Start of MATERIAL SUPPLIED

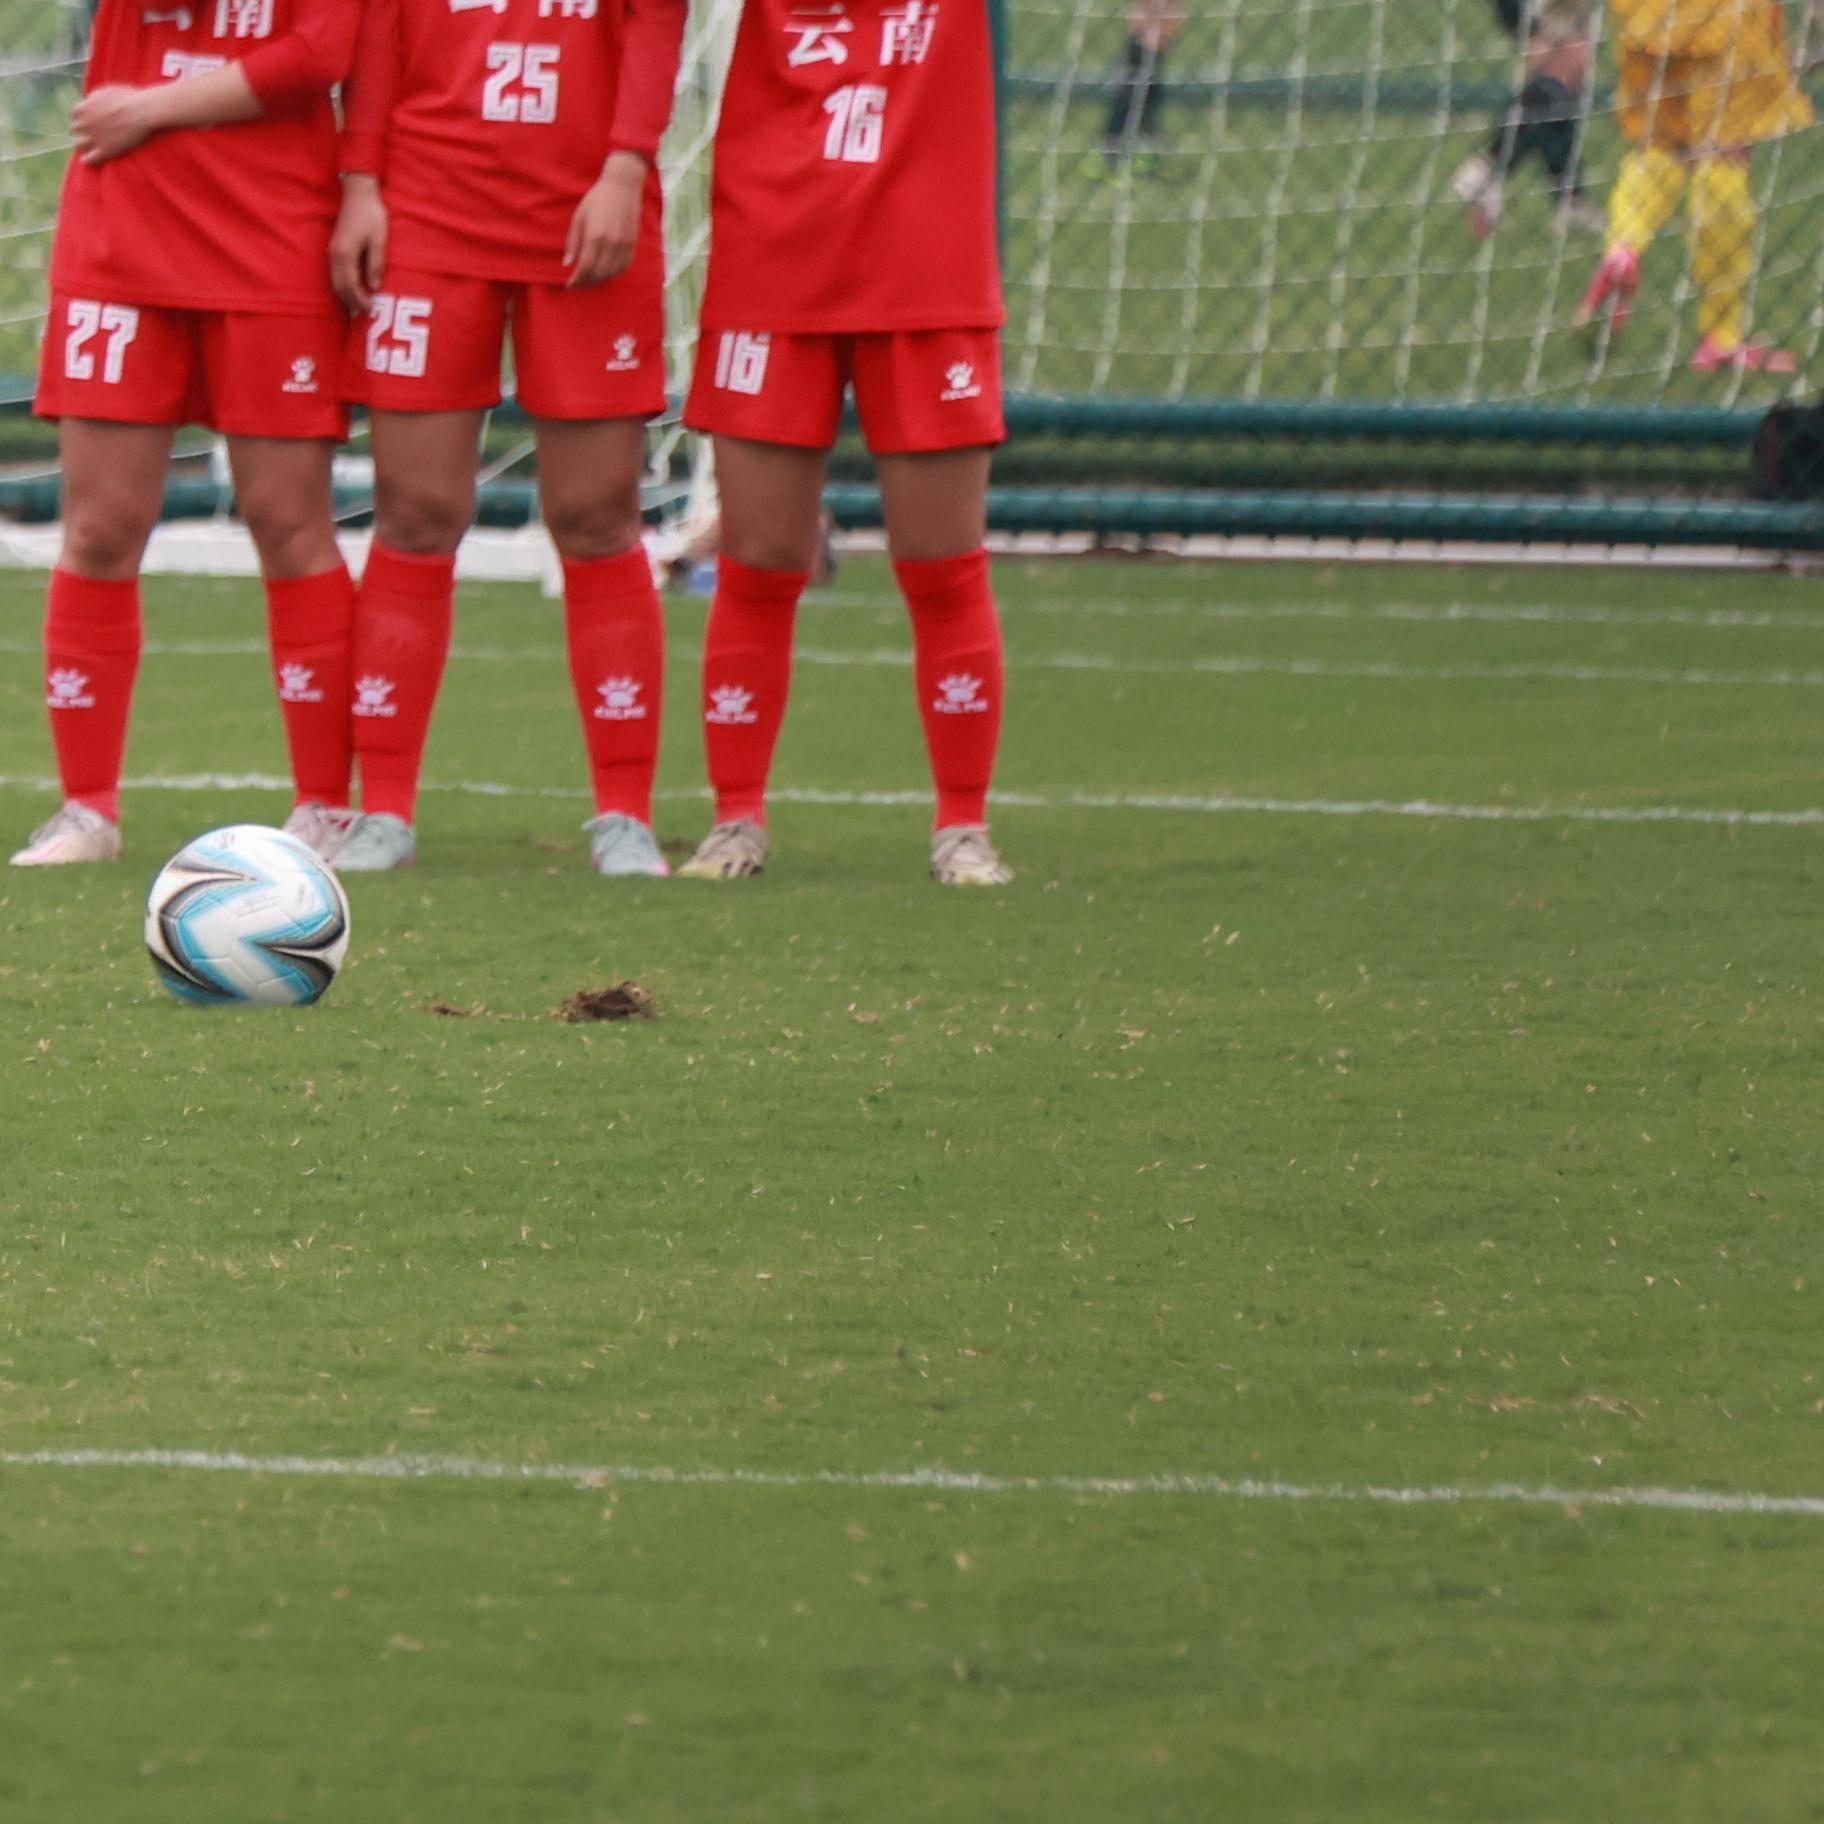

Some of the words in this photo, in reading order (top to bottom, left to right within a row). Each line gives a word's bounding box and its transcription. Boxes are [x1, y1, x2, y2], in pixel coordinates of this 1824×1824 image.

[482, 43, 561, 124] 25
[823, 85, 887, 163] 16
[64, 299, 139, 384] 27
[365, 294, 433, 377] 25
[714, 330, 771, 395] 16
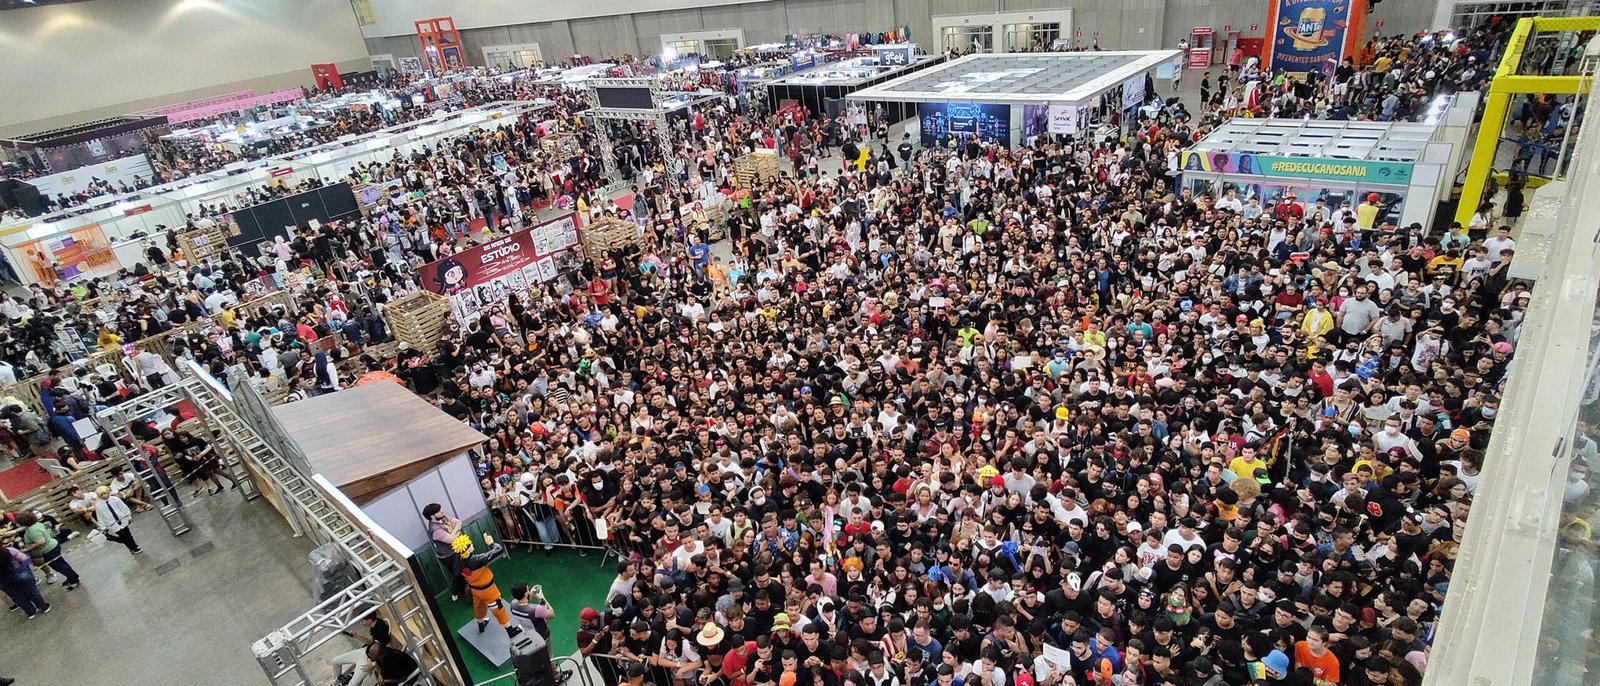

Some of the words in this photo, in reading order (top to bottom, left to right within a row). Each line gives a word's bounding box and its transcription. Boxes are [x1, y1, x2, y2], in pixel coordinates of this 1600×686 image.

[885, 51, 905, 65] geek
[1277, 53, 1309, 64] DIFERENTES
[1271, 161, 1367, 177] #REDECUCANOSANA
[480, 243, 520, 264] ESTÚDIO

End of MATERIAL SUPPLIED

Where a record holds a picture, skip the picture and copy everything else exactly.

Some of the words in this photo, in reading order (top to bottom, left to right within a row). Each line gives a word's bounding box and its transcription. Boxes are [x1, y1, x2, y2], in pixel coordinates of this 1824×1824 image.

[482, 43, 561, 124] 25
[823, 85, 887, 163] 16
[64, 299, 139, 384] 27
[365, 294, 433, 377] 25
[714, 330, 771, 395] 16

Some of the words in this photo, in reading order (top to bottom, left to right within a row). Each line gives a word's bounding box and its transcription. Boxes are [x1, y1, x2, y2], in pixel coordinates of this 1600×686 image.

[885, 51, 905, 65] geek
[1277, 53, 1309, 64] DIFERENTES
[1271, 161, 1367, 177] #REDECUCANOSANA
[480, 243, 520, 264] ESTÚDIO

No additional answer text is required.